Reading the Bible as Literature {Bible Study Helps}

Stephanie is a dear friend, whose insightful approach to the Bible challenges me and encourages me.  Her writing is almost poetic, too, so any chance I get to read what she shares is a little treat.  🙂  When we recently led a Bible study together on Exodus, I looked forward each week to hearing her thoughts, how she connected with other passages of scripture, and how she applied what she was learning.  I asked her if she would share some thoughts on how to study the Bible – because we can always use growth in this area.  Her thoughts on reading the Bible as literature are such a useful tool for your spiritual toolkit!  No matter where you are in your journey, grab a cup of tea and a notebook and enjoy the treat with me!

From Stephanie:

When it comes to reading your Bible, knowing where to start can feel a little bit like eeny-meeny-miney-mo.
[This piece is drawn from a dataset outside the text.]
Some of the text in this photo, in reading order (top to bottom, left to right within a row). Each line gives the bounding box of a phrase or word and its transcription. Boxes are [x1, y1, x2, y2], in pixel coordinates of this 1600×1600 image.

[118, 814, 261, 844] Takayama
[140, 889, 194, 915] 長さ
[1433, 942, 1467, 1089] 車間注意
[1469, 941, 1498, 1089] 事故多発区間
You might have a few well-worn passages that feel safe and approachable, but the rest is a little unrelatable. Often the story gapes with missing information or has a tedious number of details that is exhausting. Picking a spot to start reading feels like a roll of the dice, and landing somewhere that results in encouragement and comprehension seems like either dumb luck or a rare divine appointment.
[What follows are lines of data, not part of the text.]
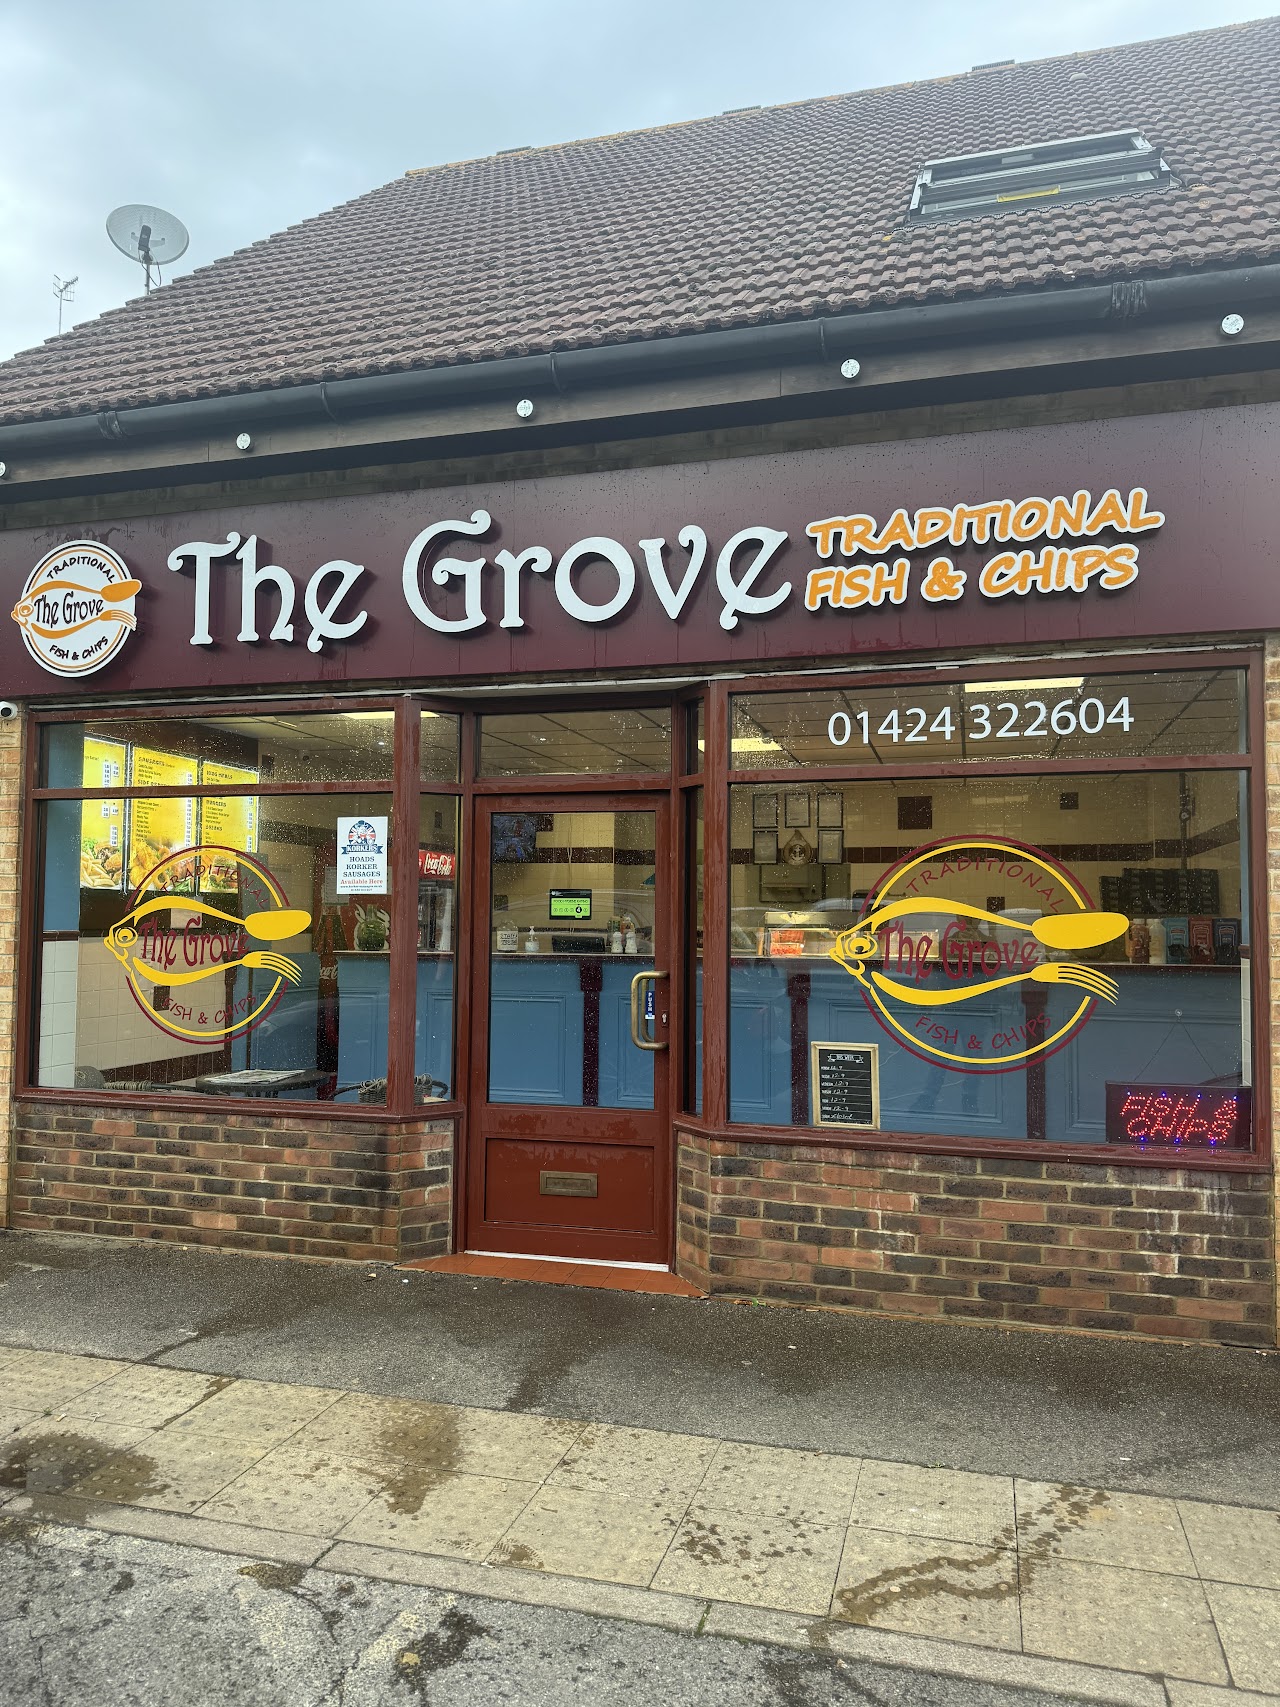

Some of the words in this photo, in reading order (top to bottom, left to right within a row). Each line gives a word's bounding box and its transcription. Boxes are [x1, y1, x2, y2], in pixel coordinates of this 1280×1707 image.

[806, 487, 1165, 558] TRADITIONAL
[47, 556, 116, 583] TRADITIONAL
[167, 531, 368, 653] The
[402, 509, 792, 634] Grove
[805, 557, 910, 611] FISH
[920, 556, 965, 601] &
[979, 543, 1139, 598] CHIPS
[34, 594, 59, 628] The
[62, 591, 104, 624] Grove
[49, 644, 70, 659] FISH
[71, 651, 79, 660] &
[82, 636, 108, 659] CHIPS
[827, 705, 956, 746] 01424
[968, 696, 1134, 740] 322604
[160, 864, 269, 909] TRADITIONAL
[906, 857, 1066, 913] TRADITIONAL
[139, 917, 177, 970] The
[183, 916, 251, 967] Grove
[878, 920, 934, 984] The
[942, 919, 1039, 980] Grove
[162, 997, 193, 1021] FISH
[197, 1012, 208, 1025] &
[215, 992, 257, 1025] CHIPS
[915, 1015, 959, 1046] FISH
[967, 1035, 983, 1050] &
[991, 1013, 1052, 1050] CHIPS
[1120, 1095, 1200, 1118] FISH
[1214, 1099, 1238, 1120] &
[1126, 1116, 1233, 1140] CHIPS
If any of that describes your relationship to the Bible, you are not alone. That was me for two decades. While I can’t offer you an instant comprehension upgrade that you can plug in to your brain, I can equip you with a helpful framework for reading the Bible that will enable you to organize and make sense of the information you take in. When our understanding of the Bible evolves from a random compilation of archaic stories to an intelligently crafted record of God’s faithfulness in human history, the best and worst of human responses, and the long-term goal of our existence, we will begin hearing the story as God intended it to be heard.

Interpreting the User Manual: What’s At Stake?

Say someone gifted you with a complex device that promised to drastically improve the outcome of your life, but the manual to help you operate the device was in Russian instead of English. What would you do? You would find the resources to translate it! You would pull up Google translator or you would ask that friend of a friend who speaks Russian to read it for you. Why? So the transformation could begin! It is almost the same with the Bible, except, thank God, He has provided it in our modern English language. But there is still a great deal of “translating work” to do if we are to rightly understand this Manual for life! This is imperative. When we rightly understand the Bible, we can begin to apply its wisdom to our lives, and that is when we experience transformation, life, and eternal hope.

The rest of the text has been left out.